Your assignment: With the exception of the pictures, write out the data below precisely.

***** Data *****

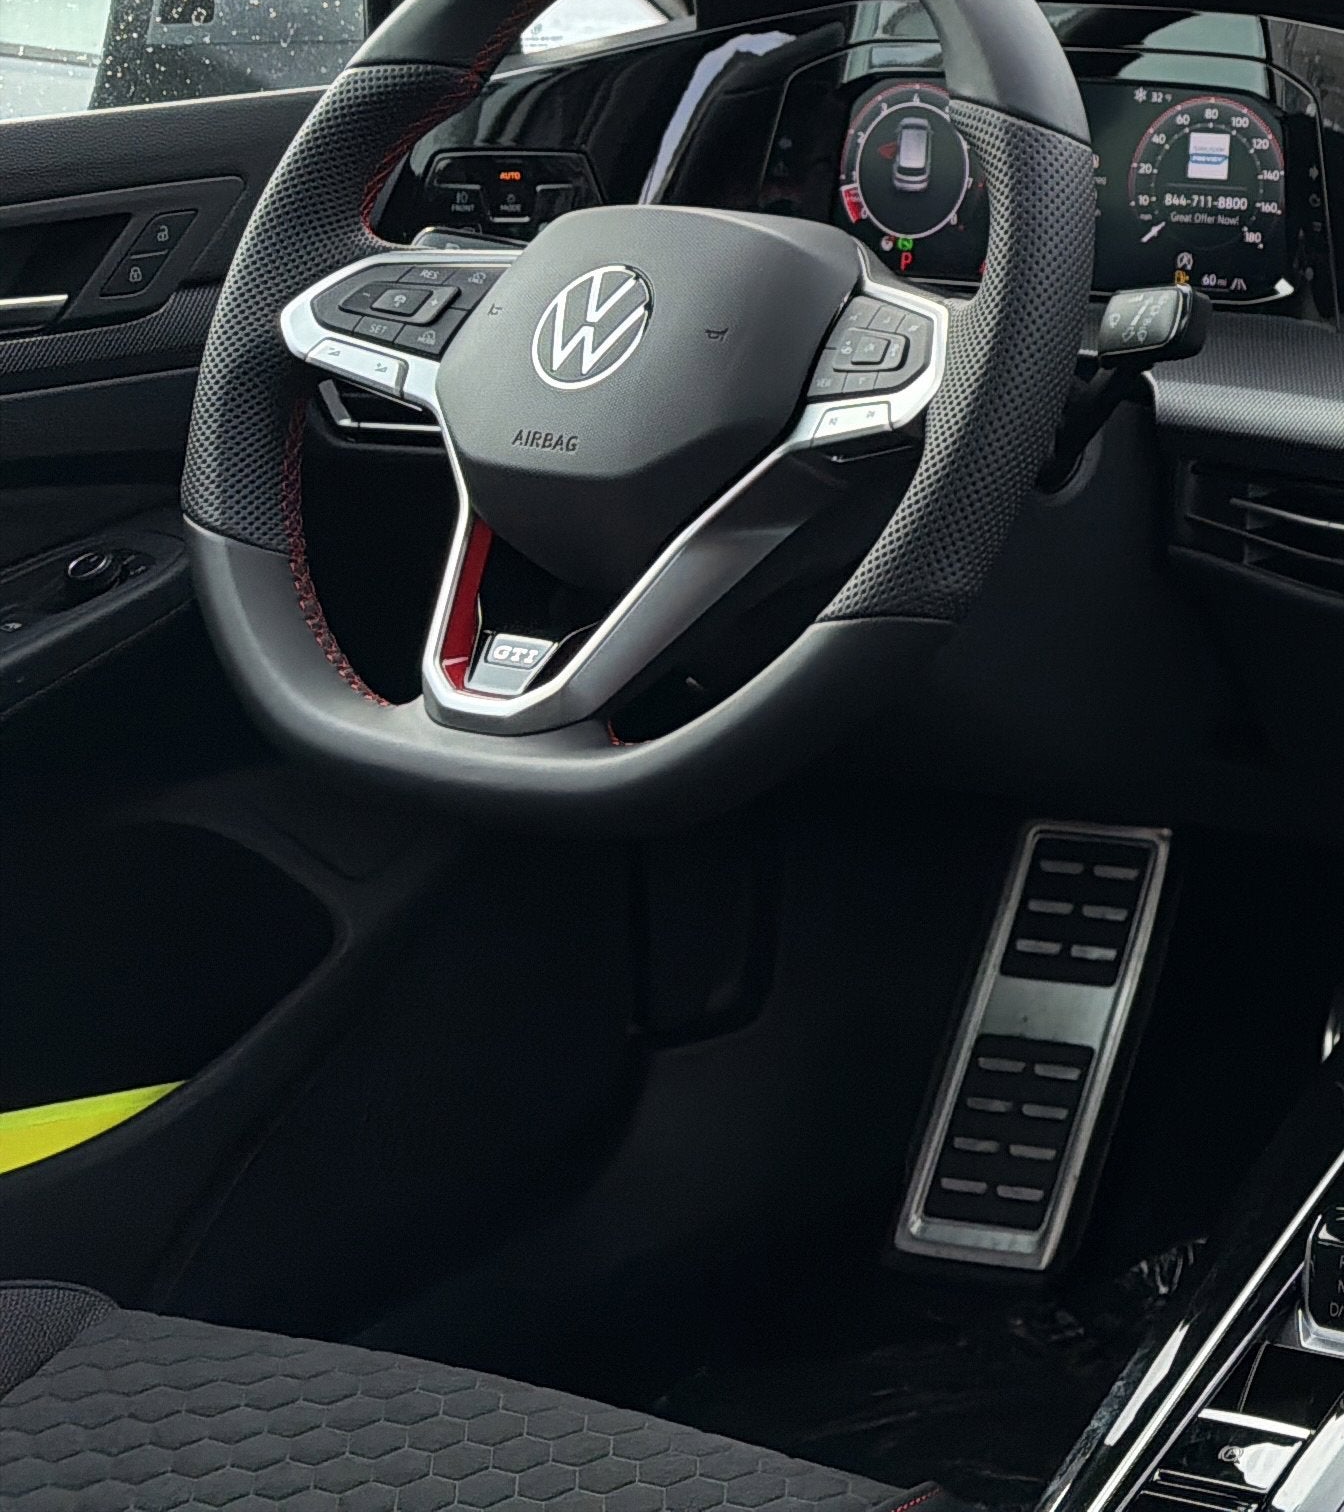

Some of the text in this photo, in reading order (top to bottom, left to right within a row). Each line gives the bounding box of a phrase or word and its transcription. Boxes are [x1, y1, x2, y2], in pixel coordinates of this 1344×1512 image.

[1151, 92, 1163, 103] 32
[1175, 114, 1191, 126] 60
[1204, 108, 1219, 120] 80
[1231, 116, 1250, 128] 100
[1151, 133, 1167, 145] 40
[1252, 138, 1270, 150] 120
[1138, 163, 1153, 175] 20
[1262, 169, 1280, 181] 140
[499, 171, 522, 181] AUTO
[1138, 194, 1150, 206] 10
[1164, 192, 1249, 211] 844-711-8800
[1260, 201, 1278, 214] 160
[1170, 210, 1240, 226] Great Offer Now!
[1243, 231, 1262, 244] 180
[901, 251, 913, 272] P
[420, 269, 440, 281] RES
[1201, 274, 1217, 286] 60
[369, 324, 388, 335] SET
[511, 428, 580, 454] AIRBAG
[492, 643, 539, 666] GTI

*****

Solution for this task:
Some of the text in this photo, in reading order (top to bottom, left to right within a row). Each line gives the bounding box of a phrase or word and its transcription. Boxes are [x1, y1, x2, y2], in pixel coordinates of this 1344×1512 image.

[1151, 92, 1163, 103] 32
[1175, 114, 1191, 126] 60
[1204, 108, 1219, 120] 80
[1231, 116, 1250, 128] 100
[1151, 133, 1167, 145] 40
[1252, 138, 1270, 150] 120
[1138, 163, 1153, 175] 20
[1262, 169, 1280, 181] 140
[499, 171, 522, 181] AUTO
[1138, 194, 1150, 206] 10
[1164, 192, 1249, 211] 844-711-8800
[1260, 201, 1278, 214] 160
[1170, 210, 1240, 226] Great Offer Now!
[1243, 231, 1262, 244] 180
[901, 251, 913, 272] P
[420, 269, 440, 281] RES
[1201, 274, 1217, 286] 60
[369, 324, 388, 335] SET
[511, 428, 580, 454] AIRBAG
[492, 643, 539, 666] GTI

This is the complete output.